Thanks everyone I went with the G10 its a neat camera easy for me to shoot with and you can change the lens too.Thanks for the suggestions everyone. Since Iam going to The Ocean next year I can even buy the waterproof bag which is good for 135 ft.


----------



## gunnerx (Mar 20, 2008)

Great choice. The G10 is a nice in between camera.


----------



## pat3612 (Jan 29, 2008)

gunnerx said:


> Great choice. The G10 is a nice in between camera.


Thanks I havent been into photography for a few years . I do have a cannon AE1 which I should get out and dust off. Digital is so much easier though.


----------



## MacFish (Jun 15, 2006)

Great choice. I have only had it about a week but so far LOVE it. It takes great pics without even knowing what I am doing.


----------



## Guest (Dec 19, 2008)

pat3612 said:


> Thanks everyone I went with the G10 its a neat camera easy for me to shoot with and you can change the lens too.Thanks for the suggestions everyone.
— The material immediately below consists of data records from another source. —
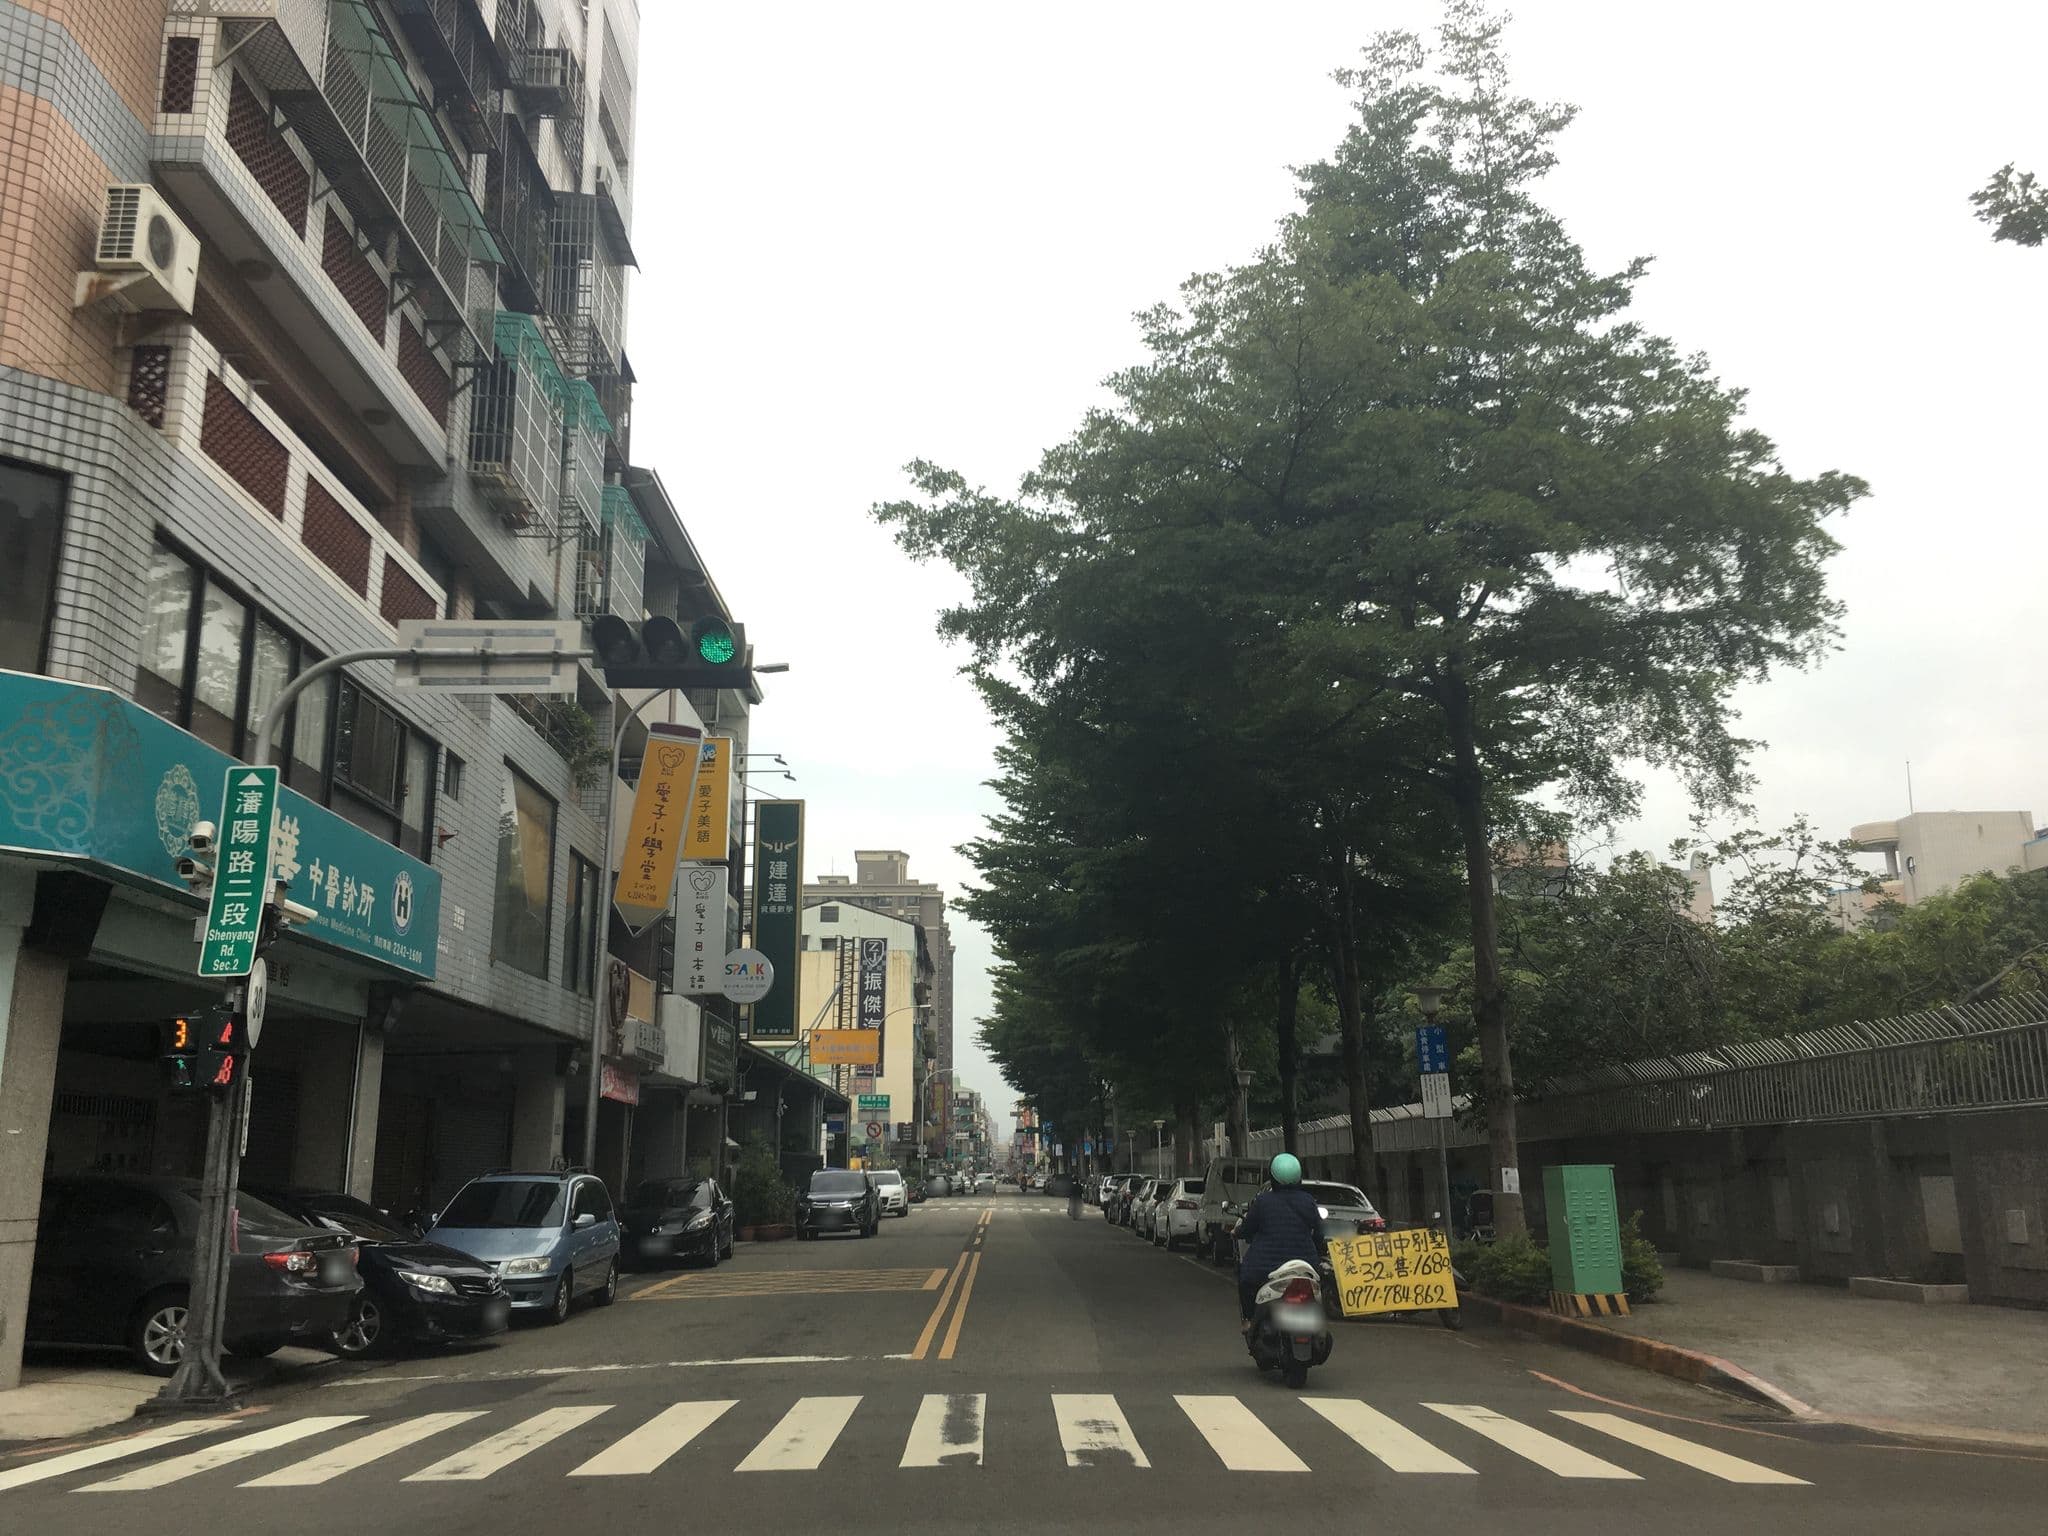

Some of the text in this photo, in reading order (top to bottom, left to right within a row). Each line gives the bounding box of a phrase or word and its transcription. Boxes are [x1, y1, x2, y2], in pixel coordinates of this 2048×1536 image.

[640, 782, 671, 880] 愛子小學堂
[697, 785, 712, 843] 愛子美語
[220, 790, 263, 926] 瀋陽路二段
[768, 861, 788, 902] 建達
[309, 857, 375, 928] 中醫診所
[208, 929, 255, 944] Shenyang
[220, 944, 235, 957] Rd.
[690, 902, 706, 989] 愛子日本語
[725, 963, 765, 976] SPARK
[1334, 1230, 1446, 1265] 漢口國中別墅
Since Iam going to The Ocean next year I can even buy the waterproof bag which is good for 135 ft.


If you are going to go under water buy a real underwater case. I wouldn't trust one of the underwater bags. While my wife and I were in Belize this past February and March we saw two cameras owned by snorkeling pals ruined by small leaks.
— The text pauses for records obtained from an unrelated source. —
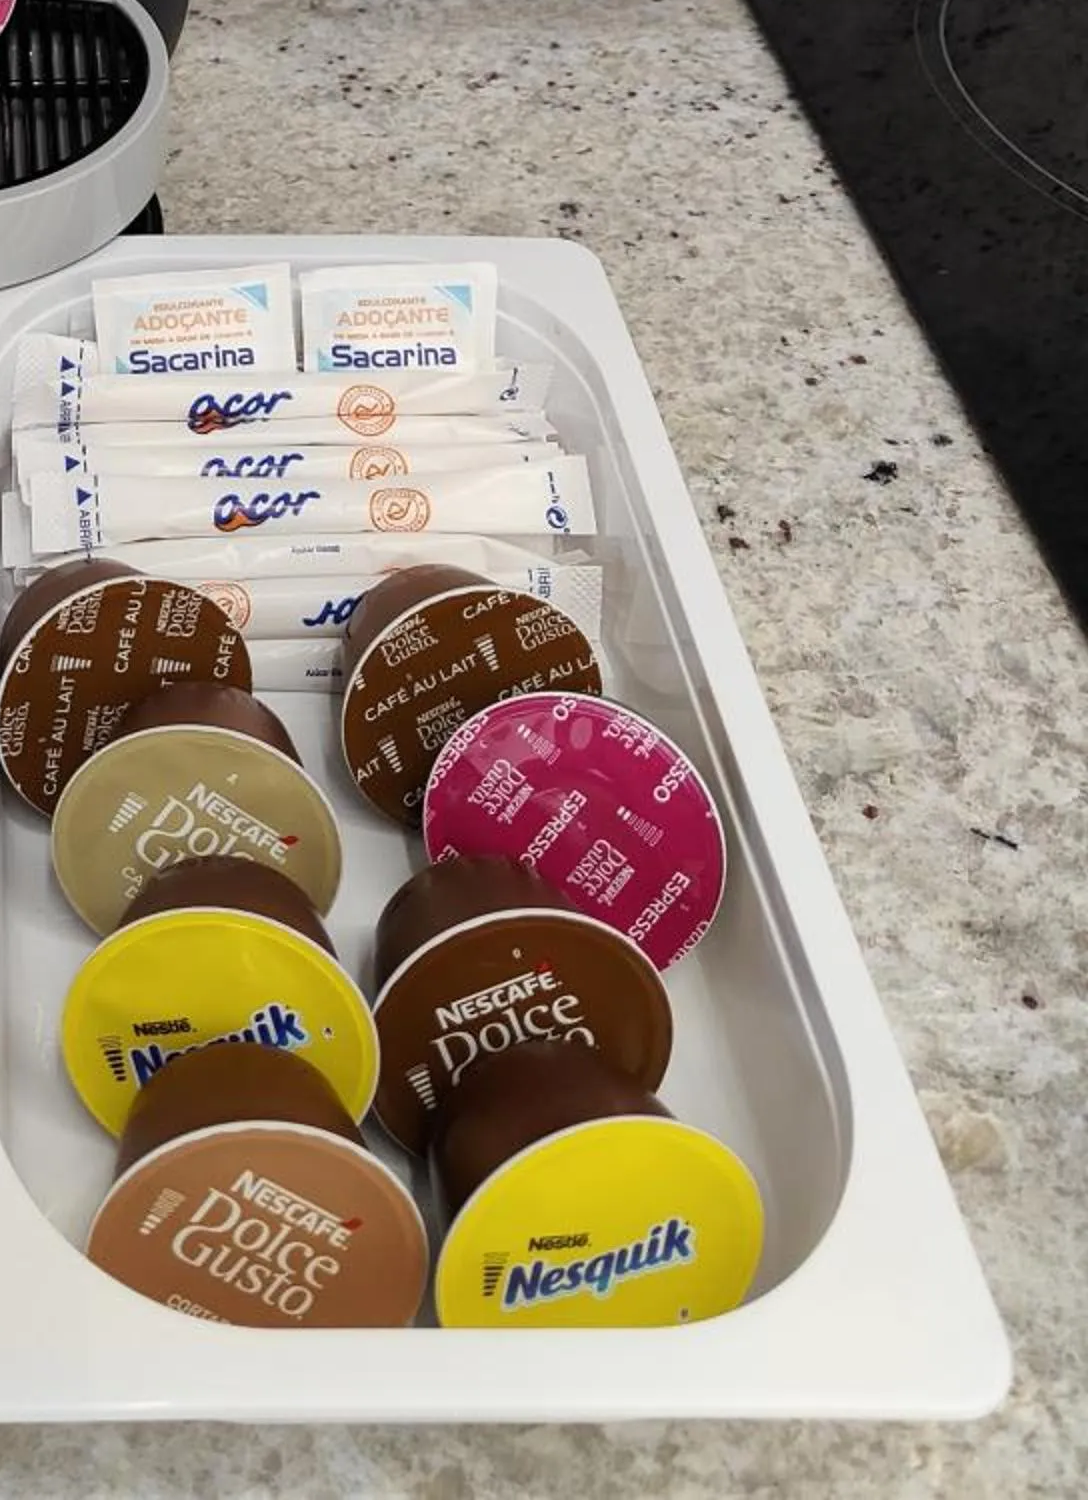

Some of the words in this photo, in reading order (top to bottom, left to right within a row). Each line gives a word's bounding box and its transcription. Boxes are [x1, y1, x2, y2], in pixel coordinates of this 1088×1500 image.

[134, 309, 248, 332] ADOÇANTE
[337, 307, 448, 328] ADOÇANTE
[129, 344, 254, 374] Sacarina
[331, 342, 457, 368] Sacarina
[114, 627, 136, 673] CAFÉ
[125, 599, 142, 623] AU
[165, 589, 190, 637] Dolce
[213, 632, 237, 678] CAFÉ
[380, 626, 431, 656] Dolce
[386, 636, 436, 667] Gusto
[56, 675, 76, 713] LAIT
[365, 686, 410, 721] CAFÉ
[414, 673, 437, 697] AU
[439, 653, 477, 682] LAIT
[549, 661, 573, 682] AU
[51, 718, 67, 743] AU
[43, 747, 63, 795] CAFÉ
[481, 766, 527, 815] Dolce
[582, 848, 628, 896] Dolce
[190, 1187, 341, 1290] Dolce
[505, 1219, 690, 1304] Nesquik
[172, 1225, 315, 1318] Gusto
we bought an underwater case (a real Canon one) for our older S1 IS on ebay for a great price for our trip and use it all the time when we kayak up at the cottage. The buttons work just as if you were holding the camera without the case! With a nice camera investing in a good underwater case is worth it.... that is if you plan on going near the water on a regular basis. 

http://www.amazon.com/Canon-WP-DC28-Waterproof-PowerShot-Digital/dp/B001G5ZTQS

One of the great things about the G10 is raw image shooting. The things you can do with raw as compared to jpg are amazing. We only shoot raw with our 40D, our at least raw plus small jpg.
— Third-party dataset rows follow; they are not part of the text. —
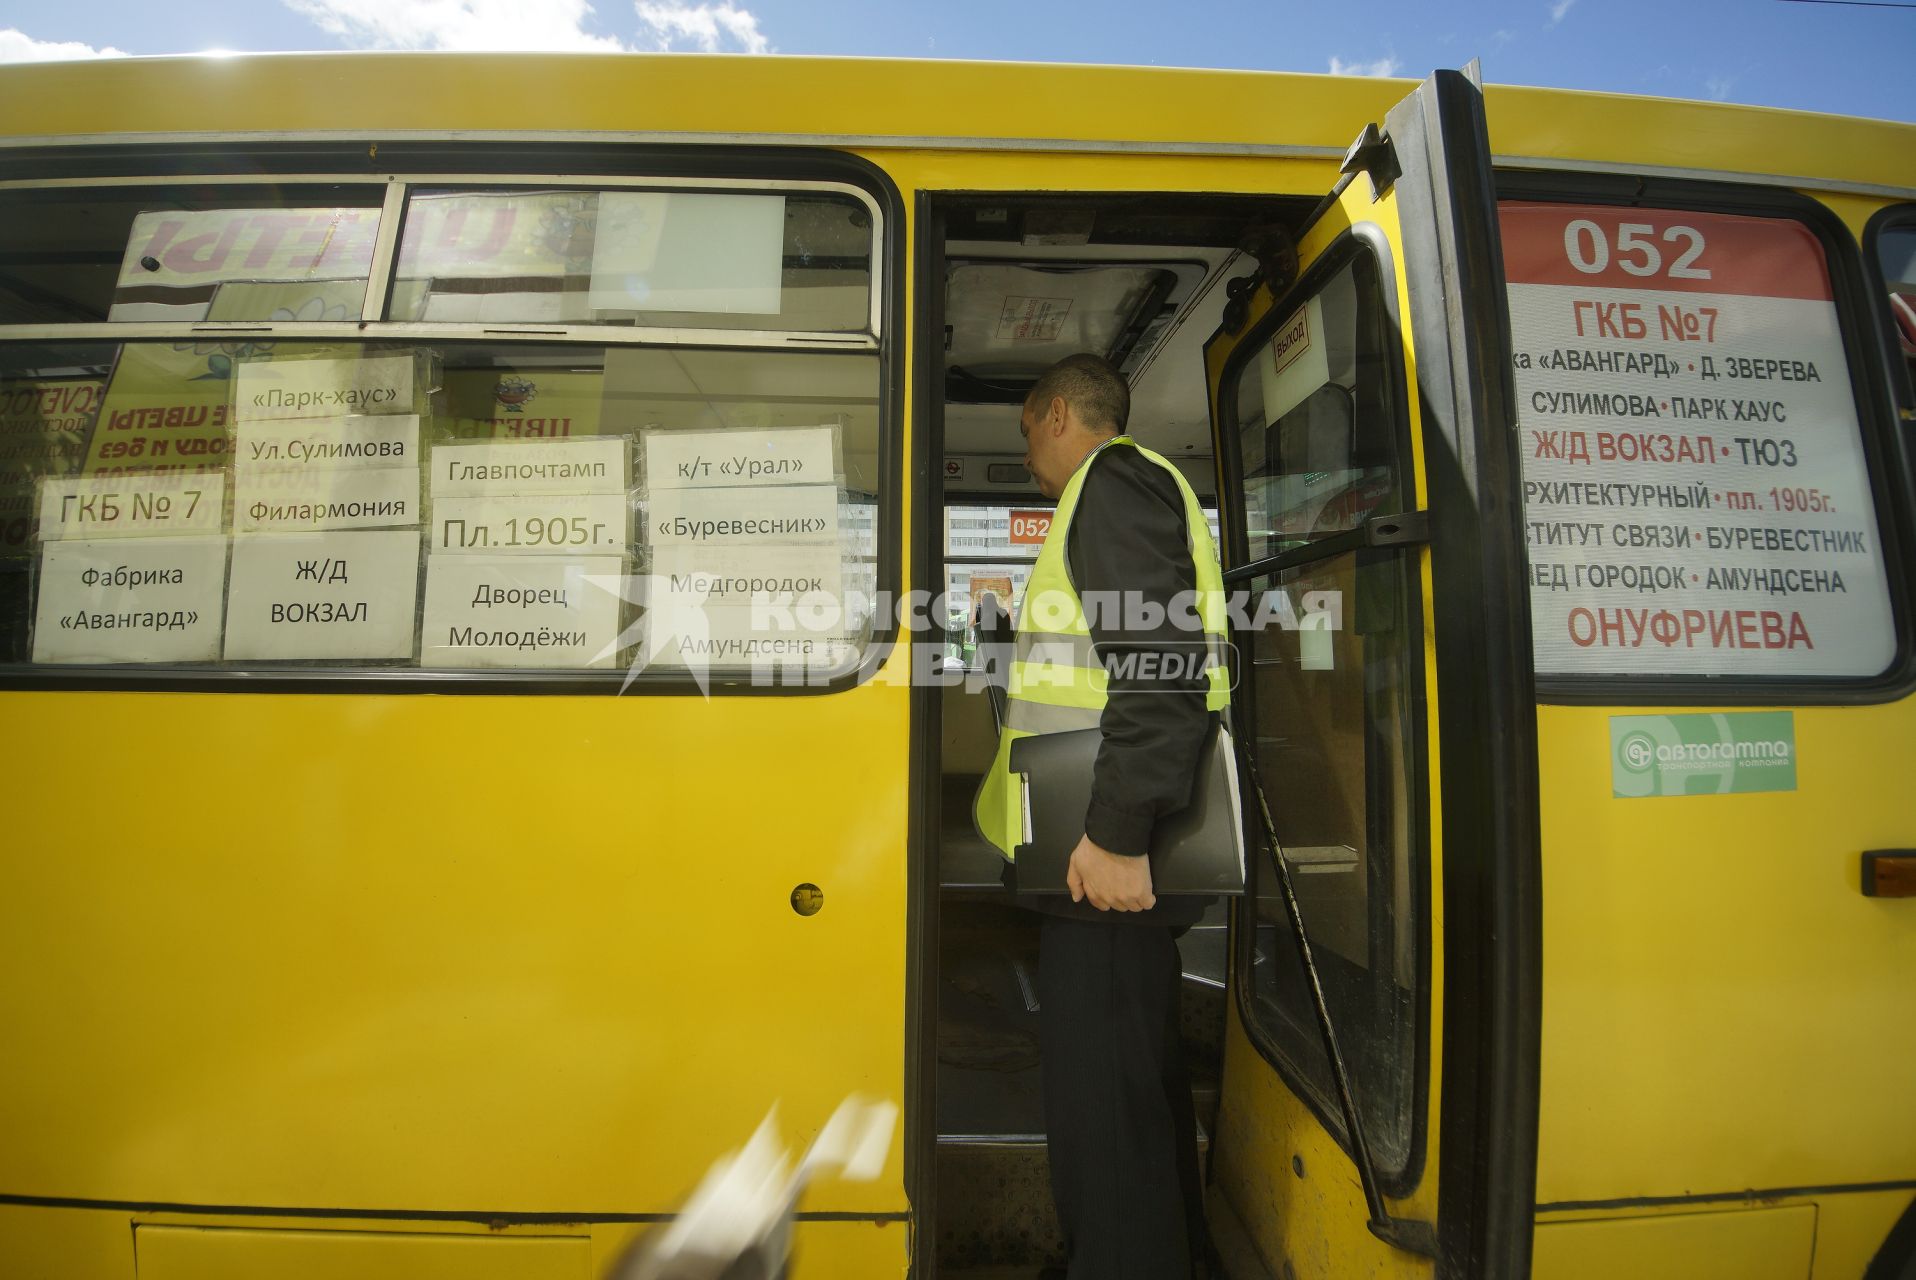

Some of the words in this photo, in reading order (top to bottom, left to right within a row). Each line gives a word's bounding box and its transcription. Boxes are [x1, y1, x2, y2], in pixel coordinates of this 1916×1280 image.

[1563, 219, 1712, 280] 052
[1572, 300, 1647, 339] ГКБ
[1658, 304, 1719, 344] №7
[1277, 321, 1305, 358] ВЫХОД
[1539, 349, 1680, 377] «АВАНГАРД»
[1701, 356, 1721, 381] Д.
[1727, 357, 1822, 383] ЗВЕРЕВА
[253, 387, 397, 409] «Парк-хаус»
[1532, 391, 1660, 418] СУЛИМОВА
[1672, 396, 1728, 421] ПАРК
[1734, 400, 1786, 423] ХАУС
[250, 439, 404, 462] Ул.Сулимова
[1532, 430, 1590, 465] Ж/Д
[1599, 432, 1717, 465] ВОКЗАЛ
[1734, 437, 1798, 466] ТЮЗ
[449, 459, 606, 481] Главпочтамп
[677, 455, 713, 478] к/т
[719, 455, 803, 478] «Урал»
[61, 494, 119, 522] ГКБ
[132, 492, 170, 520] №
[184, 491, 201, 519] 7
[249, 499, 405, 522] Филармония
[1727, 491, 1764, 511] пл.
[1770, 487, 1837, 513] 1905г.
[443, 517, 615, 548] Пл.1905г.
[658, 515, 826, 540] «Буревесник»
[1013, 518, 1050, 538] 052
[1612, 524, 1691, 548] СВЯЗИ
[1706, 527, 1867, 553] БУРЕВЕСТНИК
[81, 566, 183, 591] Фабрика
[295, 559, 347, 585] Ж/Д
[1575, 564, 1687, 593] ГОРОДОК
[1706, 568, 1847, 596] АМУНДСЕНА
[472, 585, 568, 608] Дворец
[670, 573, 822, 598] Медгородок
[60, 608, 198, 632] «Авангард»
[271, 602, 368, 624] ВОКЗАЛ
[448, 626, 587, 650] Молодёжи
[1567, 607, 1814, 650] ОНУФРИЕВА
[678, 634, 814, 658] Амундсена
have lots of fun with your camera!!


----------



## pat3612 (Jan 29, 2008)

h_s said:


> If you are going to go under water buy a real underwater case. I wouldn't trust one of the underwater bags. While my wife and I were in Belize this past February and March we saw two cameras owned by snorkeling pals ruined by small leaks.
> 
> we bought an underwater case (a real Canon one) for our older S1 IS on ebay for a great price for our trip and use it all the time when we kayak up at the cottage. The buttons work just as if you were holding the camera without the case! With a nice camera investing in a good underwater case is worth it.... that is if you plan on going near the water on a regular basis.
> 
> ...


 Thanks thats what I meant to buy the cannon underwater bag but I said waterproof instead so it worked out for you thats good to know. Ps where did you pick yours up.


----------



## pat3612 (Jan 29, 2008)

h_s said:


> If you are going to go under water buy a real underwater case. I wouldn't trust one of the underwater bags. While my wife and I were in Belize this past February and March we saw two cameras owned by snorkeling pals ruined by small leaks.
> 
> we bought an underwater case (a real Canon one) for our older S1 IS on ebay for a great price for our trip and use it all the time when we kayak up at the cottage. The buttons work just as if you were holding the camera without the case! With a nice camera investing in a good underwater case is worth it.... that is if you plan on going near the water on a regular basis.
> 
> ...


 Thanks thats what I meant to buy the cannon underwater bag but I said waterproof instead so it worked out for you thats good to know.


----------



## pat3612 (Jan 29, 2008)

MacFish said:


> Great choice. I have only had it about a week but so far LOVE it. It takes great pics without even knowing what I am doing.


Yea its fun eh didnt you buy it for your wife lol. I keep catching my hubby with mine  He keeps saying hes just looking at it but I see theres a bunch of pic of the dogs on it .


----------